Flyers Alumni Mourn the Passing of Vic Stasiuk

The Flyers Alumni Association sends our heartfelt condolences to the family of Vic Stasiuk, who passed away on May 8, 2023, a few weeks shy of his 94th birthday. A member of the Alberta Sports Hall of Fame and the second head coach in Philadelphia Flyers history (1969-70 to 1970-71 seasons), Stasiuk was a hard-nosed, old-school coach and a veteran of 745 NHL games as a player for the Chicago Black Hawks, Detroit Red Wings and Boston Bruins.

While with the Red Wings, Stasiuk forged a friendship with Gordie Howe. In addition to Hockey Hall of Fame members Howe, Ted Lindsay, Alex Delvecchio, and Red Kelly, the Stanley Cup champion 1954-55 Red Wings roster included the likes of future Philadelphia Flyers coaches Stasiuk, Keith Allen and Bill Dineen. As a member of the Bruins, Stasiuk joined with John Buycyk and Bronco Horvath on the high-scoring “Uke Line” (for their common Ukrainian heritage). In 1959-60, Stasiuk established career highs with 29 goals, 68 points and 121 penalty minutes in 69 games played.

Starting in 1963, Stasiuk gradually turned his attention from playing to coaching. After several years as a minor league player/coach, Stasiuk hung up his skates to focus solely on coaching. After the NHL added the Philadelphia Flyers as an expansion franchise in 1967, Stasiuk became the coach of their American Hockey League affiliate, the Quebec Aces. He steered the team to the Calder Cup Finals in both 1967-68 and 1968-69.

When inaugural Flyers coach Keith Allen replaced Bud Poile as Philadelphia’s general manager in the 1969 offseason, Stasiuk was promoted from the Aces’ coach to the coach of the NHL parent team. His two-year tenure as Flyers coach was not particularly successful from a win-loss record standpoint, but was both eventful and colorful.

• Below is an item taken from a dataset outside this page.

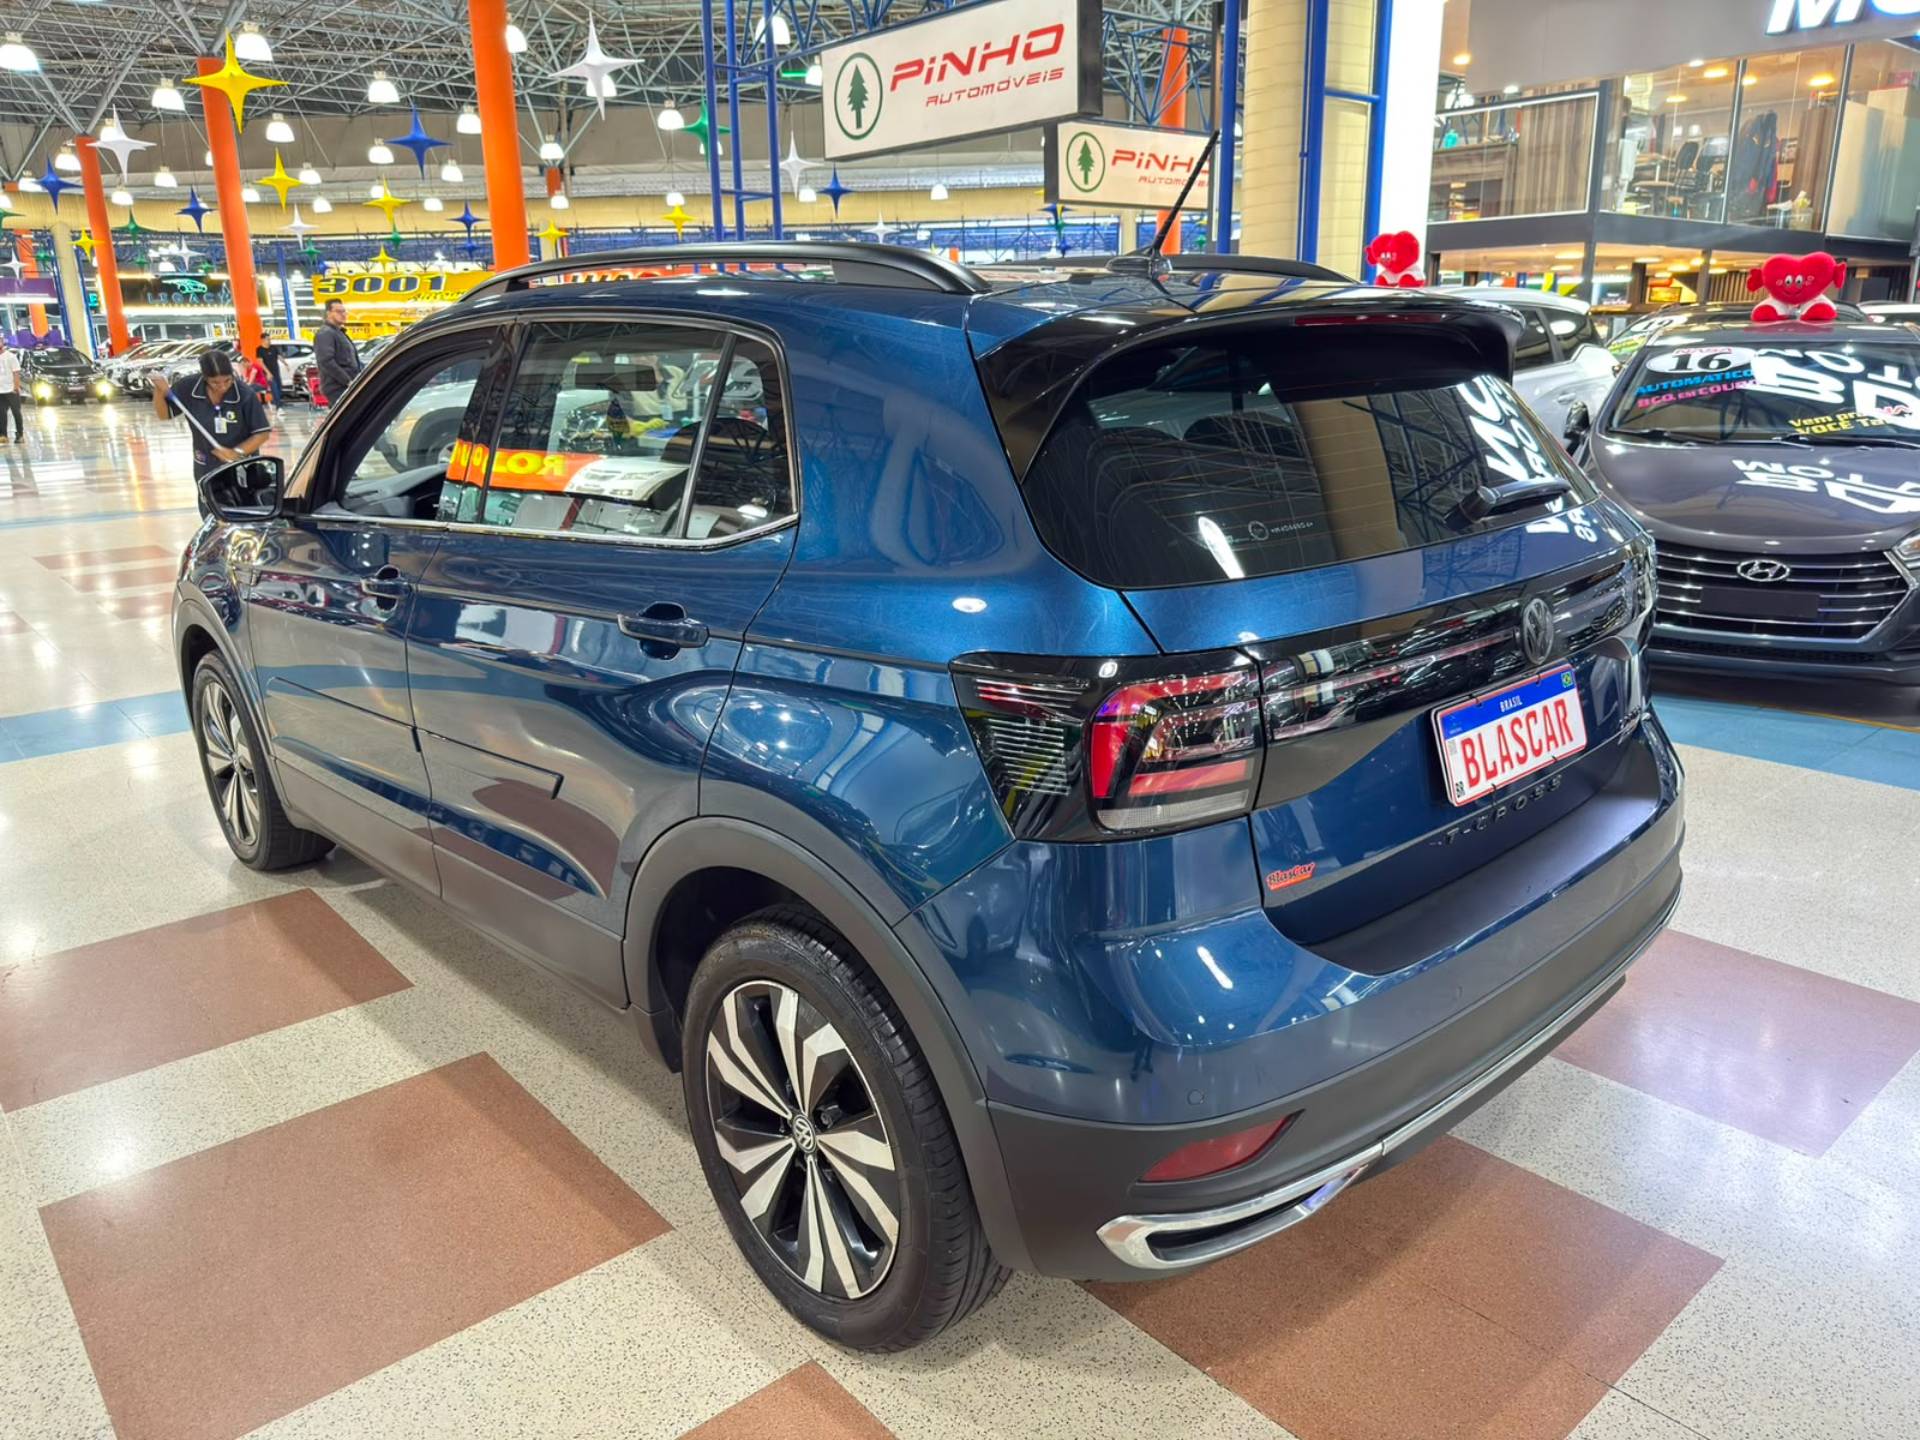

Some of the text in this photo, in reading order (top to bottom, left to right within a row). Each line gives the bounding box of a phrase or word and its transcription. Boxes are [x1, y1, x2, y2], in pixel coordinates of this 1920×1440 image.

“Vic and I didn’t see eye-to-eye from a hockey standpoint,” recalled Flyers Hall of Fame defenseman Joe Watson. “He had a strange way of communicating. He’d tell us things like, ‘Check but don’t check’. None of us understood what he meant. He’d stand behind the bench, hollering, the whole game, and a lot of it didn’t make any sense. I fell out of favor with Vic and he took me out of the lineup. But he had success coaching at other levels. I also want to say that he was a good man off the ice. Good sense of humor.”

Among the most colorful stories from Stasiuk’s two-season tenure in Philadelphia was the time he got in a vehement argument with referee Bill Friday over a call that went in the Flyers’ favor. Stasiuk was peeved that Friday called a penalty on a play in which the coach believed rookie forward Serge Bernier should have done a better job at battling through a check.

“Dammit, Billy! I’ve been trying to toughen up that kid since camp and you just set me back three months!” Stasiuk is reputed to have said.

After coaching the Flyers, Stasiuk had short stints behind the benches of the California Seals (1971-72) and Vancouver Canucks (1972-73). Subsequently, he coached the Denver Spurs of the Western Hockey League and then coached at the junior hockey level with the Taber Golden Suns and the Medicine Hat Tigers. While with Medicine Hat, he coached future NHL forward and, later, NHL general manager Jim Nill.

“Vic believed in toughness, and he was a tough coach,” Nill recalled in 2015. “But he also cared about his players.”

In 2009, Stasiuk was inducted into the Alberta Sports Hall of Fame. He was honored and humbled to receive the recognition, but he jokingly chided the selection committee for waiting so long to select him for the honor.

“It’s a little late,” Stasiuk said with a chuckle. “I’m 81 now.”